Will a single bite from a tsetse cause trypanosomiasis?

Not necessarily! Only about 5% of tsetse carry the trypanosomes that cause trypanosomiaisis and, in the case of human sleeping sickness, the infection rate is probably less than 0.1% (Tarimo et al., 1985; Woolhouse et al., 1993). Moreover, even a bite from an infected fly will not necessarily lead to disease (Rogers, 1988). Thus most bites from tsetse are not dangerous.

However, for livestock living continuously in tsetse infested areas this is no consolation. If an ox receives just 10 bites a day, then over a month they will probably receive, on average, about 10 infective bites and so most cattle will be infected repeatedly every month. Many cattle in tsetse infested areas receive hundreds of bites a day and thus this game of 'Russian roulette' has very poor odds indeed.

References
Rogers, D.J. (1988).

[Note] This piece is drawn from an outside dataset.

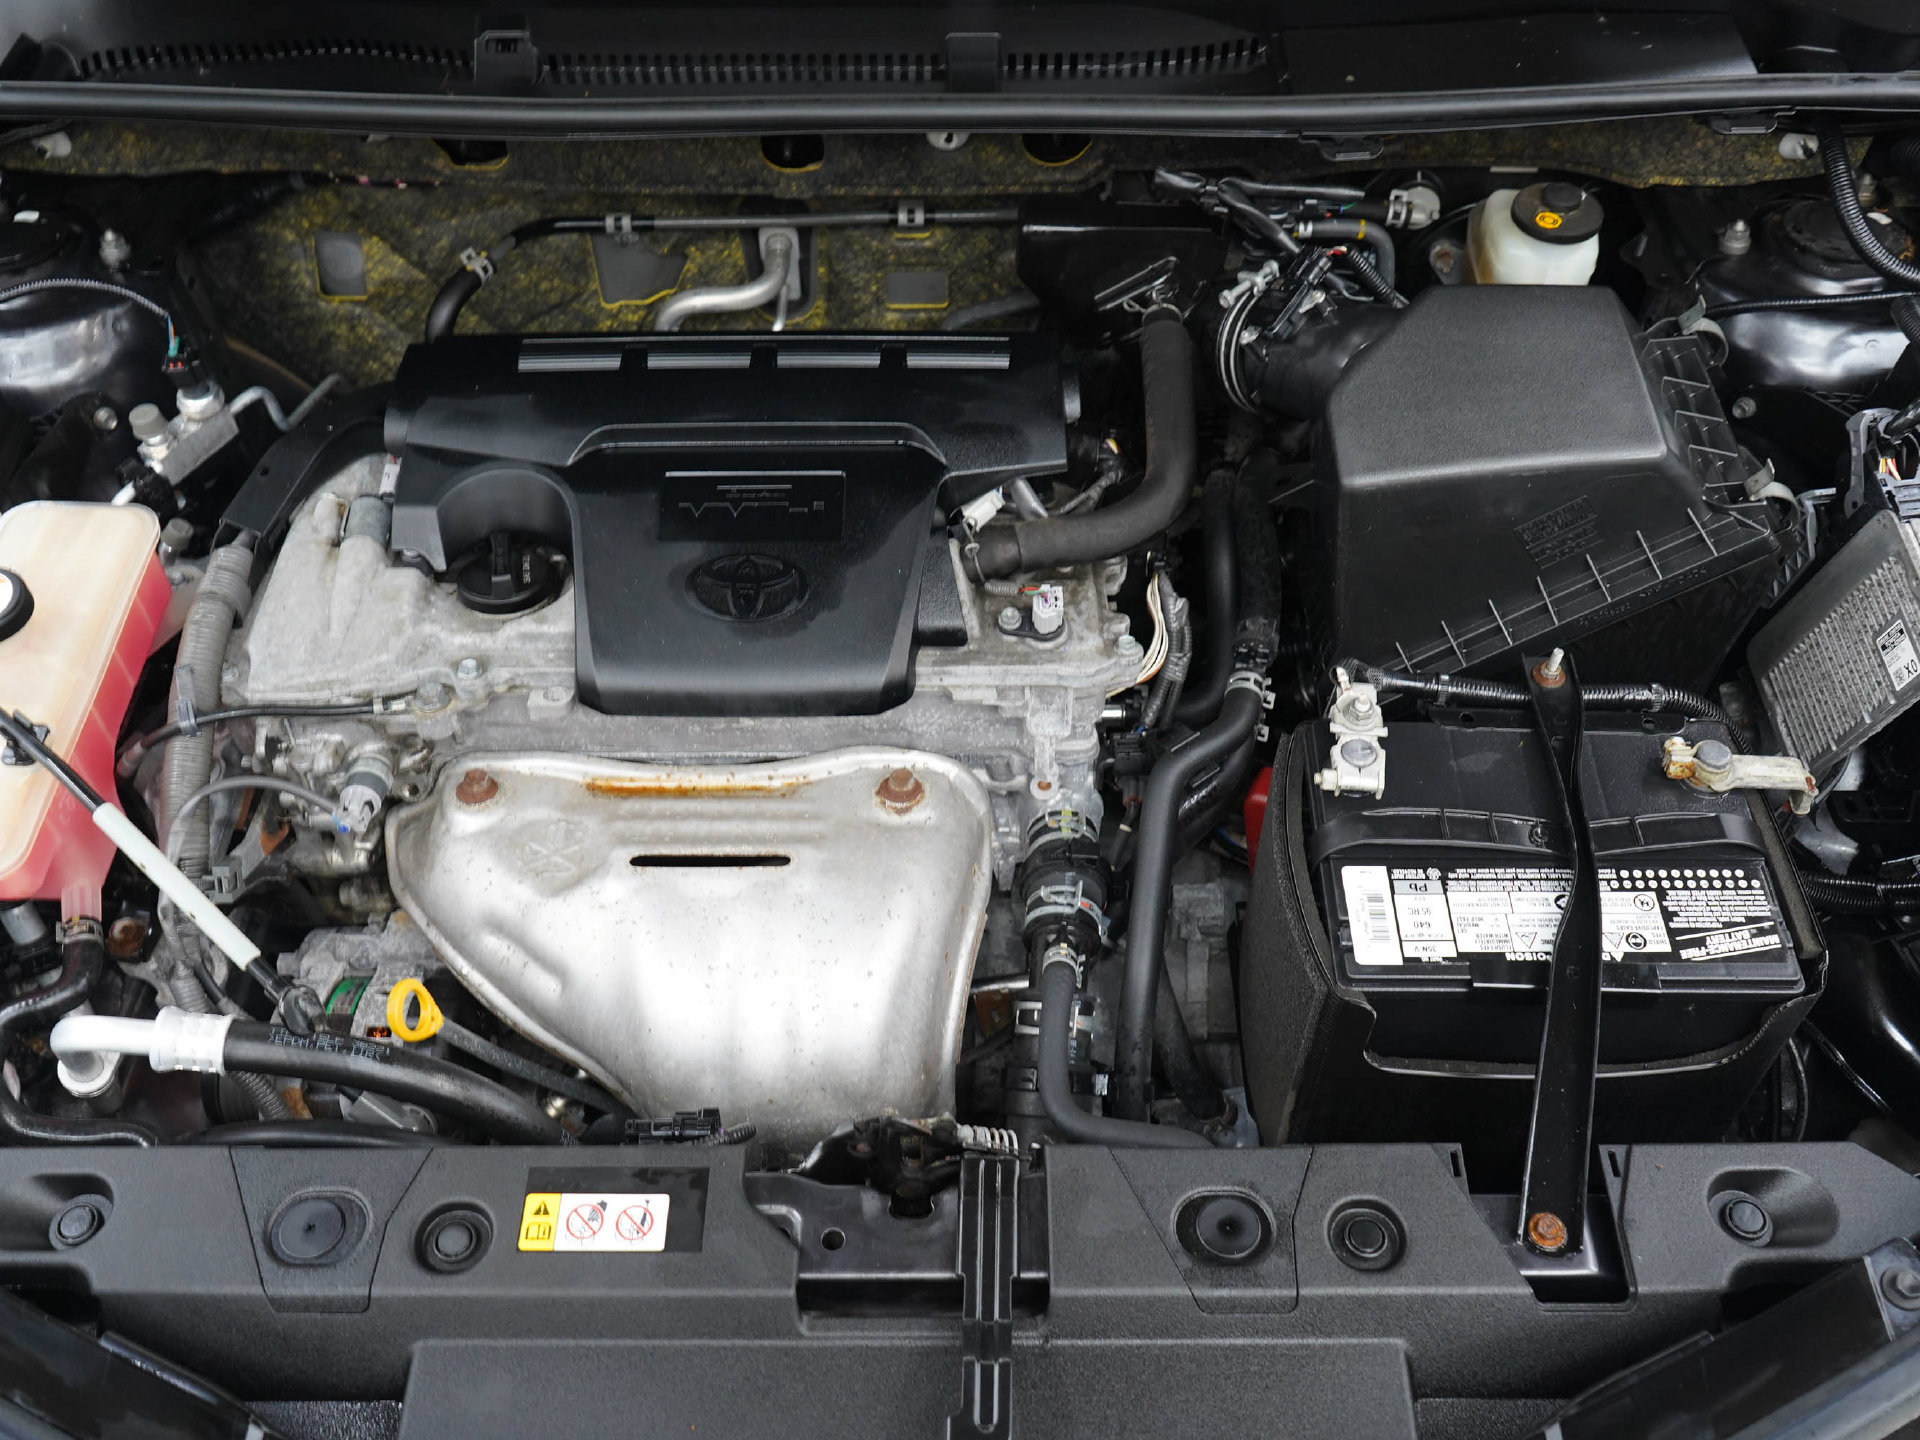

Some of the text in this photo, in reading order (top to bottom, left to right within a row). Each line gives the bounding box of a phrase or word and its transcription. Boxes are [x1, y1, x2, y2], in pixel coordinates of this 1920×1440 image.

[1409, 882, 1428, 892] Pb
[1706, 930, 1750, 946] BATTERY
[1680, 934, 1780, 960] MAINTENANCE-FREE
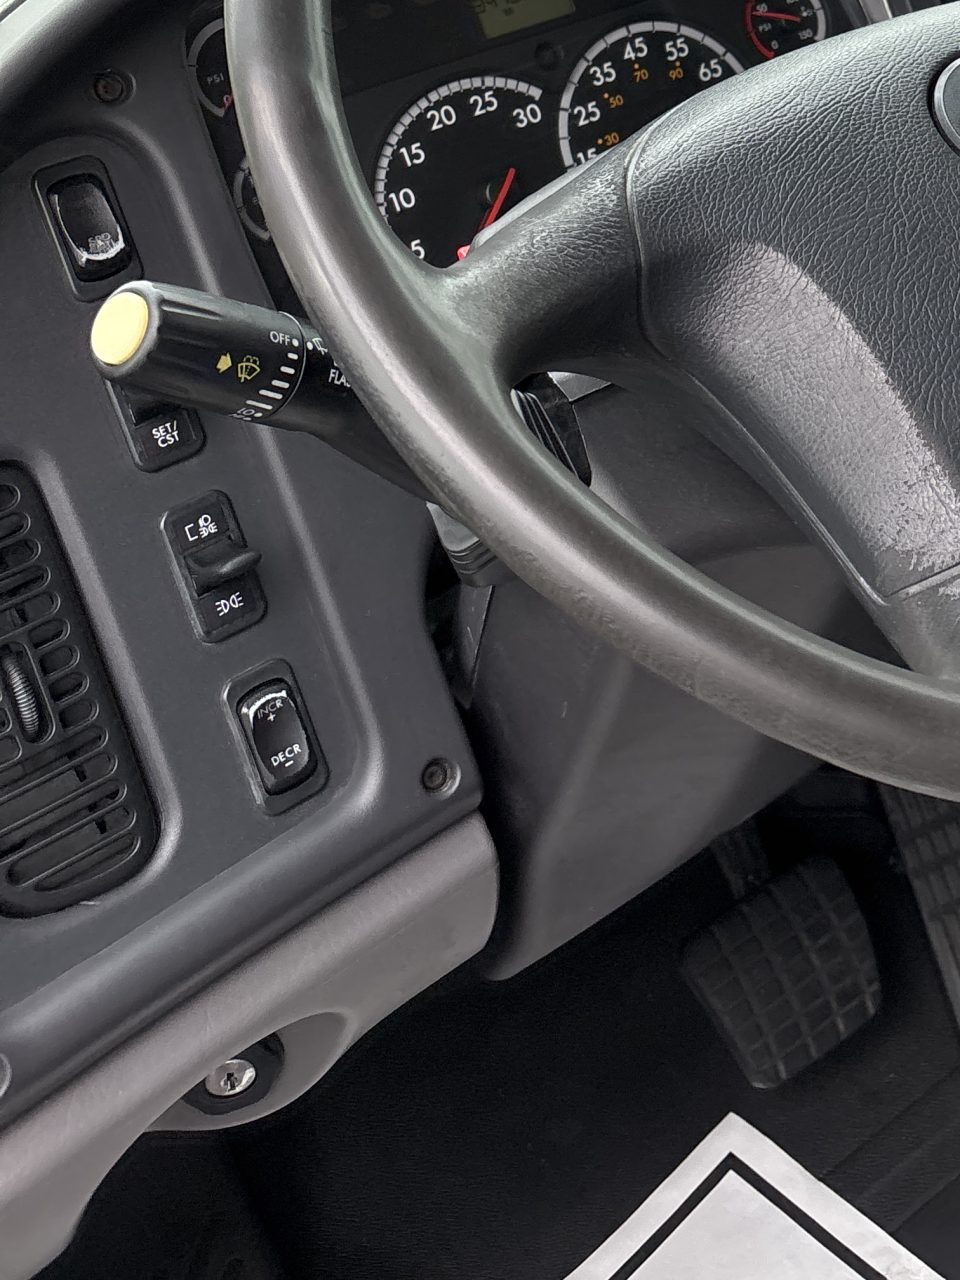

A general model for the African trypanosomiases. Parasitology 97, 193-212.

Tarimo, S.A., Snow, F.W., Butler, L. & Dransfield, R. (1985). The probability of tsetse acquiring trypanosome infection from single blood meal in different localities in Kenya. Acta Tropica 42, 199-207.

Woolhouse, M.E.J., Hargrove, J.W. & McNamara, J.J. (1993) Epidemiology of trypanosome infestations of the tsetse fly Glossina pallidipes in the Zambezi Valley. Parasitology 106, 479-485.